:: Data to examine ::
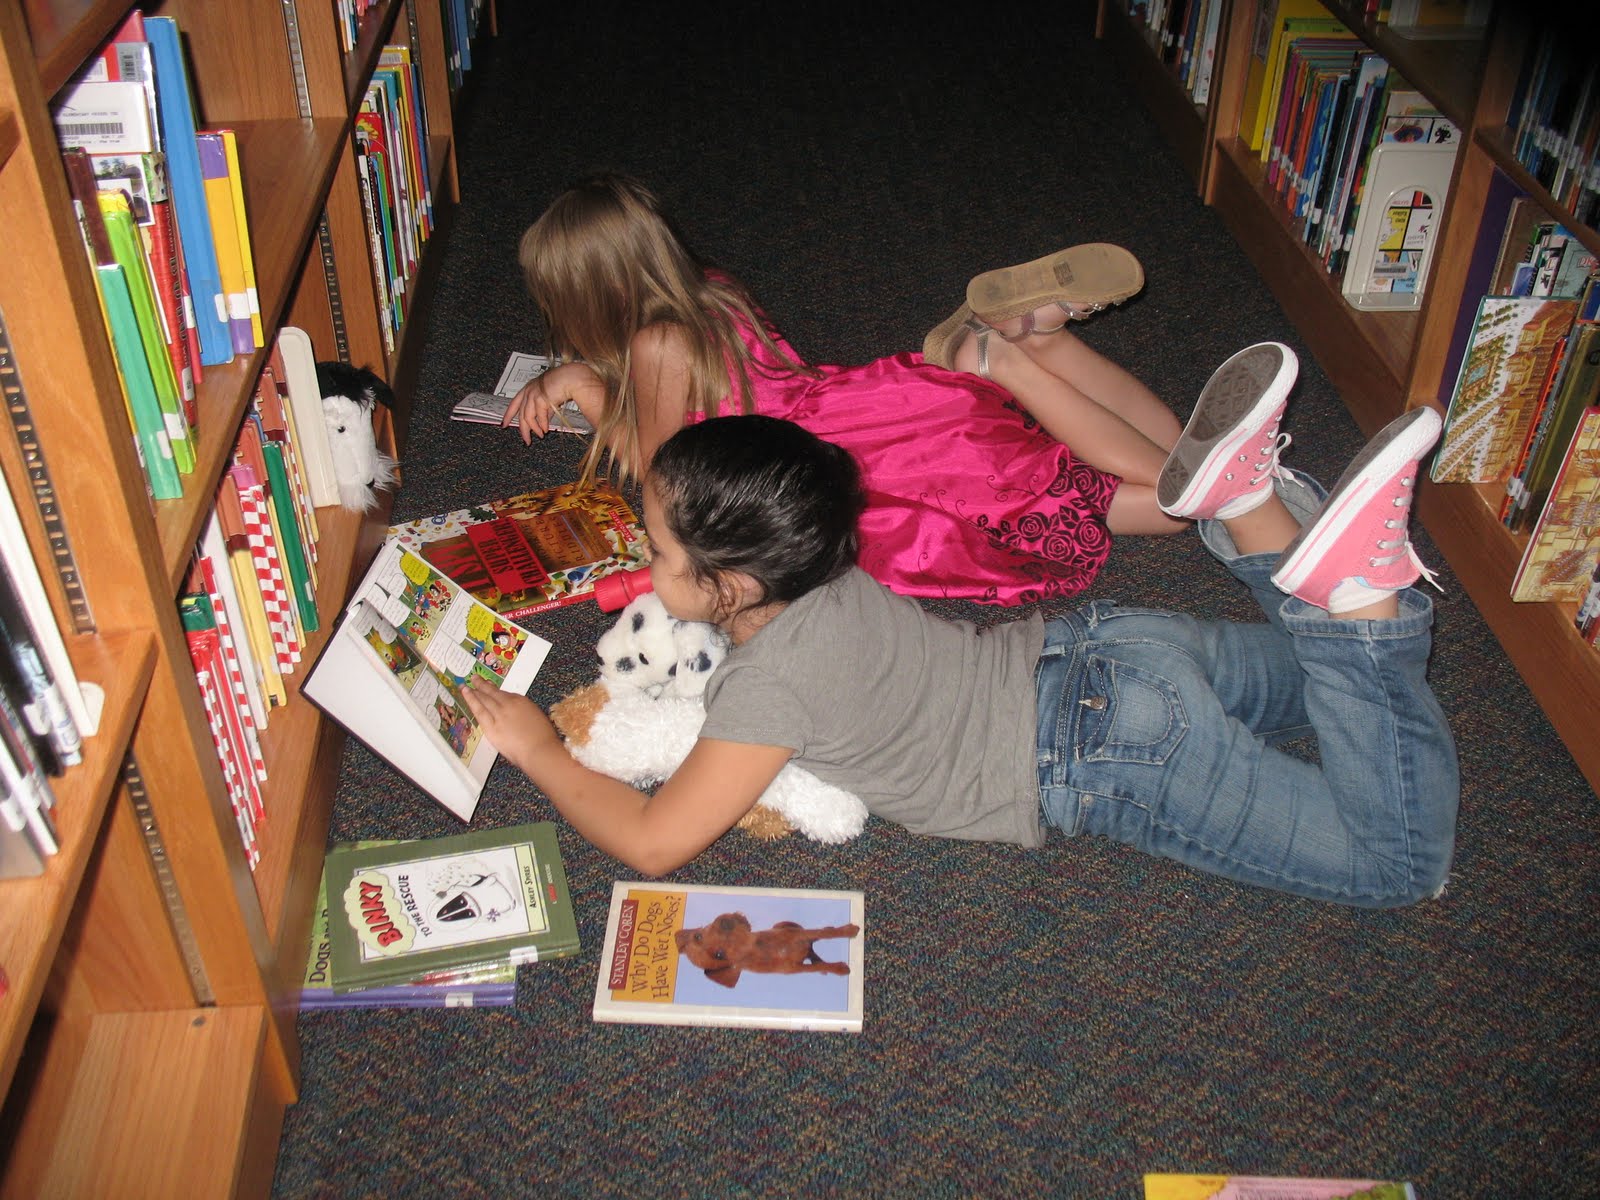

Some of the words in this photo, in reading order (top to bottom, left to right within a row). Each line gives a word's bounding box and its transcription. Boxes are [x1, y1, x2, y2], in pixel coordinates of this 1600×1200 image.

[478, 538, 515, 575] SUPER
[515, 601, 562, 617] CHALLENGER!
[398, 875, 418, 913] RESCUE
[359, 881, 404, 947] BINKY
[411, 912, 425, 927] THE
[618, 904, 634, 939] COREN
[637, 901, 663, 934] Dogs
[656, 895, 682, 936] Noses?
[421, 926, 433, 937] TO
[633, 936, 651, 957] Do
[611, 940, 630, 985] STANLEY
[652, 938, 669, 964] Wet
[630, 960, 651, 995] Why
[651, 965, 671, 999] Have
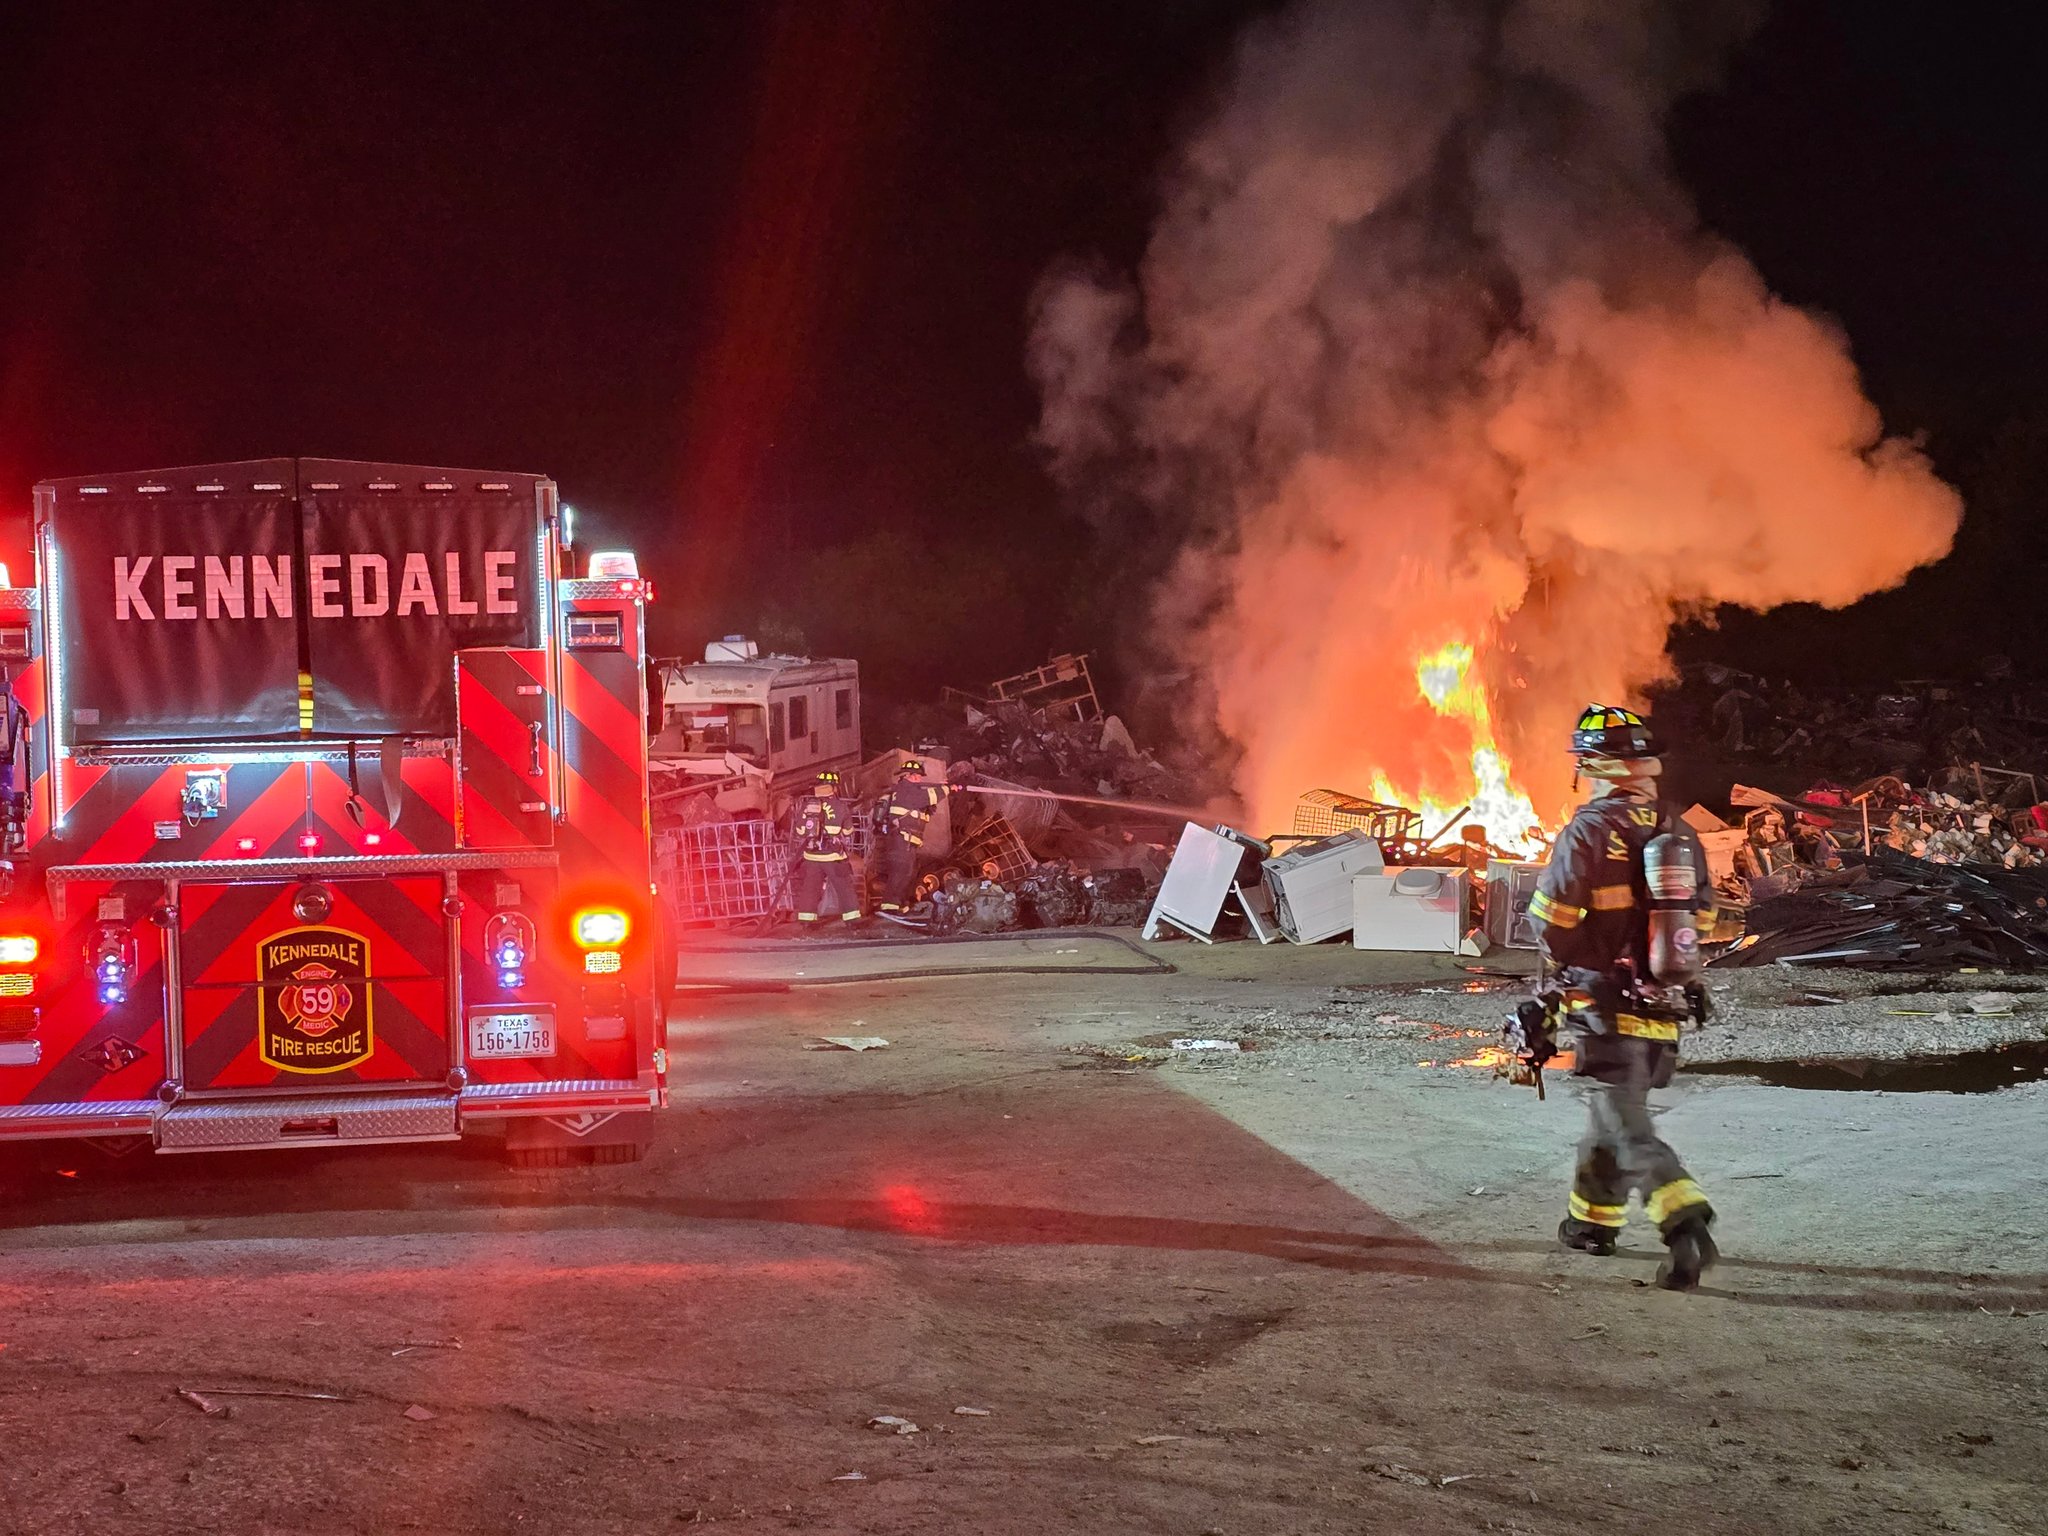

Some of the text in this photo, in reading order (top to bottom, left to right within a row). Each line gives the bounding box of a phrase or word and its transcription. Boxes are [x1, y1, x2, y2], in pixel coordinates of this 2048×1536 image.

[114, 551, 518, 620] KENNEDALE
[269, 943, 359, 969] KENNEDALE
[300, 969, 329, 979] ENGINE
[302, 987, 333, 1014] 59
[303, 1020, 330, 1030] MEDIC
[497, 1018, 529, 1027] TEXAS
[272, 1030, 361, 1056] FIRE RESCUE

:: Task requirements ::
The answer should be an exact restatement of every entry, with the pictures omitted.

:: Expected output ::
Some of the words in this photo, in reading order (top to bottom, left to right within a row). Each line gives a word's bounding box and its transcription. Boxes are [x1, y1, x2, y2], in pixel coordinates of this 1600×1200 image.

[478, 538, 515, 575] SUPER
[515, 601, 562, 617] CHALLENGER!
[398, 875, 418, 913] RESCUE
[359, 881, 404, 947] BINKY
[411, 912, 425, 927] THE
[618, 904, 634, 939] COREN
[637, 901, 663, 934] Dogs
[656, 895, 682, 936] Noses?
[421, 926, 433, 937] TO
[633, 936, 651, 957] Do
[611, 940, 630, 985] STANLEY
[652, 938, 669, 964] Wet
[630, 960, 651, 995] Why
[651, 965, 671, 999] Have

Some of the text in this photo, in reading order (top to bottom, left to right within a row). Each line gives the bounding box of a phrase or word and its transcription. Boxes are [x1, y1, x2, y2], in pixel coordinates of this 2048×1536 image.

[114, 551, 518, 620] KENNEDALE
[269, 943, 359, 969] KENNEDALE
[300, 969, 329, 979] ENGINE
[302, 987, 333, 1014] 59
[303, 1020, 330, 1030] MEDIC
[497, 1018, 529, 1027] TEXAS
[272, 1030, 361, 1056] FIRE RESCUE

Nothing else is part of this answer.